Rapid translation from validated molecular targets in cancer to treatments that benefit patients has been hampered by difficulties in rapidly developing effective, targeted therapeutics, as many targets are not druggable by traditional medicinal chemistry approaches. We propose here to invesfigate a new methodology to accelerate the translation of understandings of molecular events in cancer cell biology into new therapies by using RNA interference-based therapeutics (targeted nanoparticle based systems are used here) combined with multi-time point blood/serum-based miRNA profiling. This strategy will be demonstrated using a previously undruggable target, the oncogenic N-Ras mutation in melanoma. We propose to evaluate the hypothesis that the integration of targeted delivery of RNA interference-based therapeutics that allow quick translation from concept to clinic with multi-time point blood/serum monitoring of cancer-specific miRNA biomarkers can rapidly lead to mechanistically verified cancer treatments with blood/serum biomarkers that can provide minimally invasive proof of function in patients.

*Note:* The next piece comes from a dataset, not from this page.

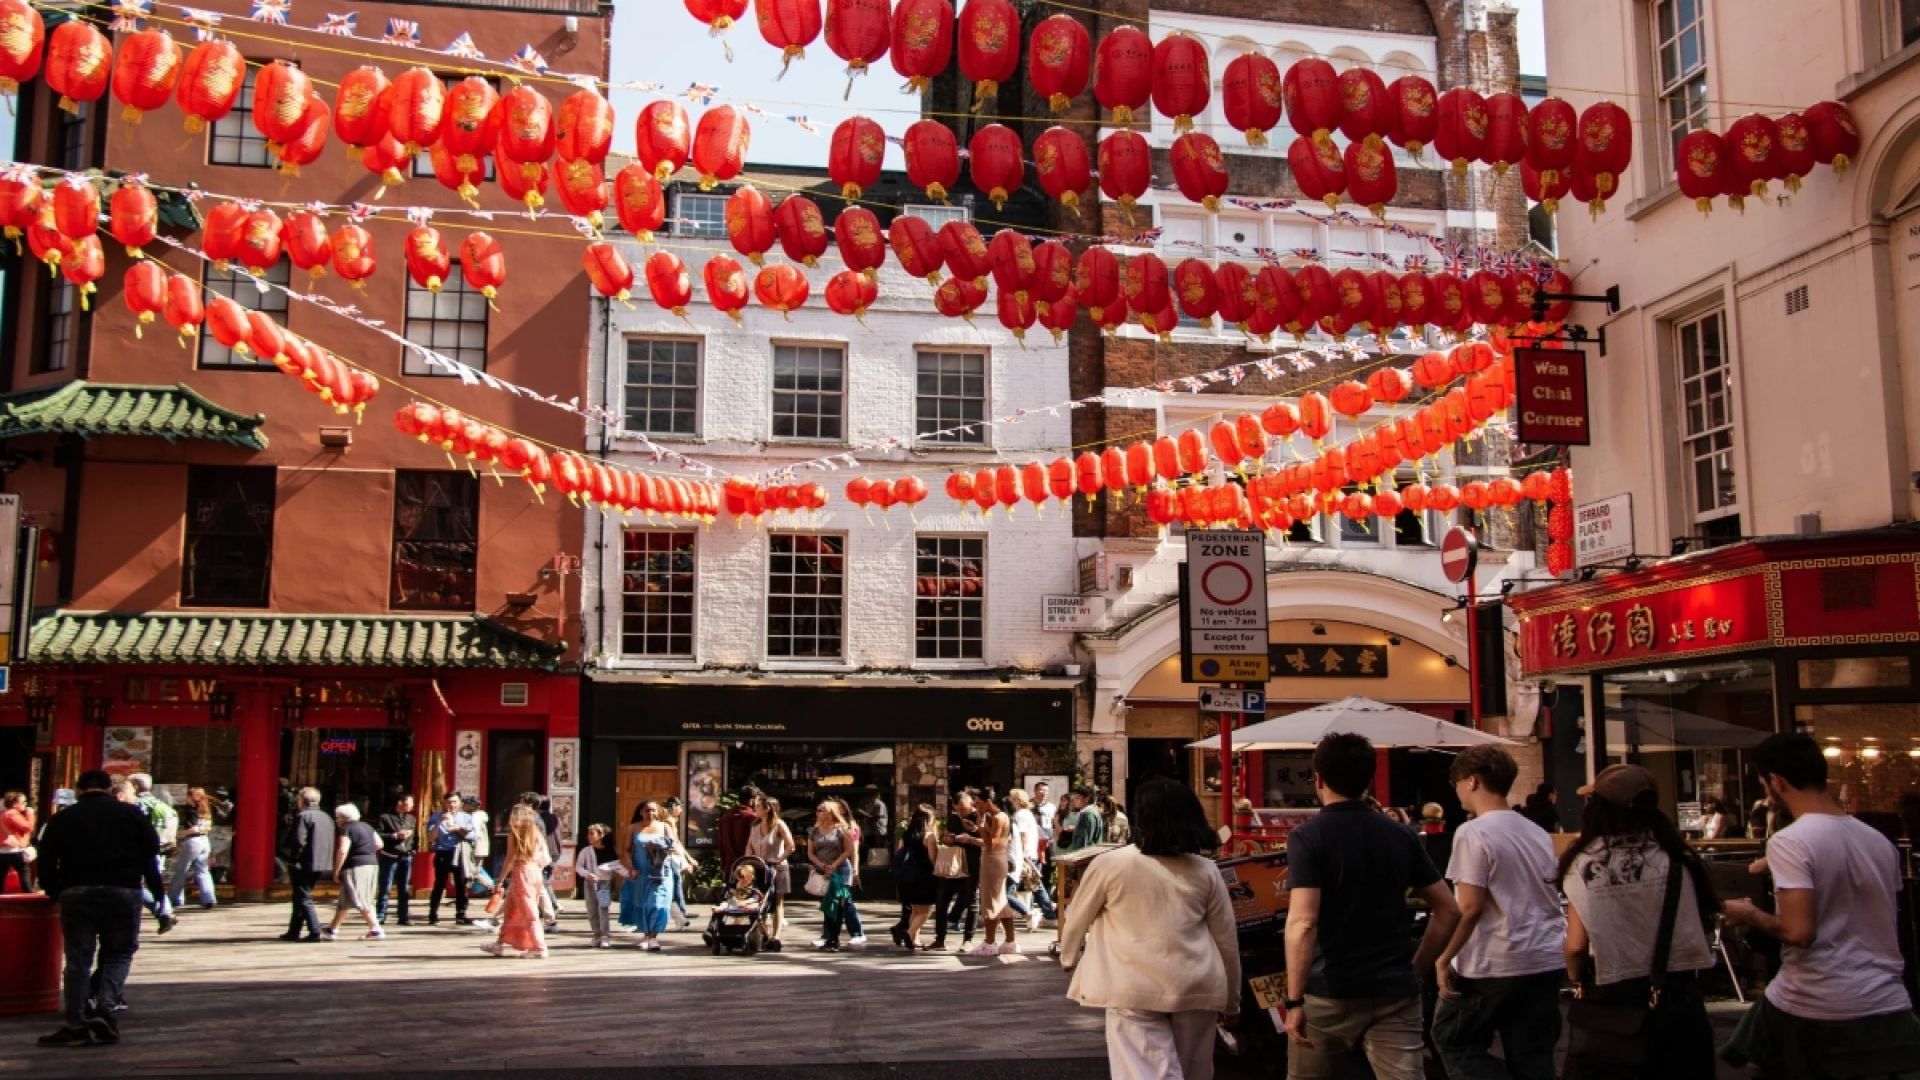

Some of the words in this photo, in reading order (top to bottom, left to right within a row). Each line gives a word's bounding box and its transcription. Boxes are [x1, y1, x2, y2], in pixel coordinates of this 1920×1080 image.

Specific Aims : 1. Demonstrate tumor targeting, N-Ras knock-down, and anti-tumor effects with systemically delivered nanoparticles carrying siRNA. 2. Demonstrate that minimally invasive, multi-time point blood/serum miRNA measurements correlate with multi-time point miRNA profiles in tumors after initiation of RNAi that inhibits the N-Ras gene product. 3. Demonstrate that systemically delivered nanoparticles carrying anti-N-Ras siRNA can provide antitumor effects and that the time course of the N-Ras gene inhibition can be monitored via blood/serum miRNA profiles
The approach of integrating multi-time point blood miRMA profiling to provide pharmacodynamic monitoring matched with the specific deliverable gene knockdown has applications to any gene target in any cancer type. A secondary hypothesis implied here is that the short-time-dependent response of the profiled biomarkers can provide significant new and specific information related to therapeutic efficacy.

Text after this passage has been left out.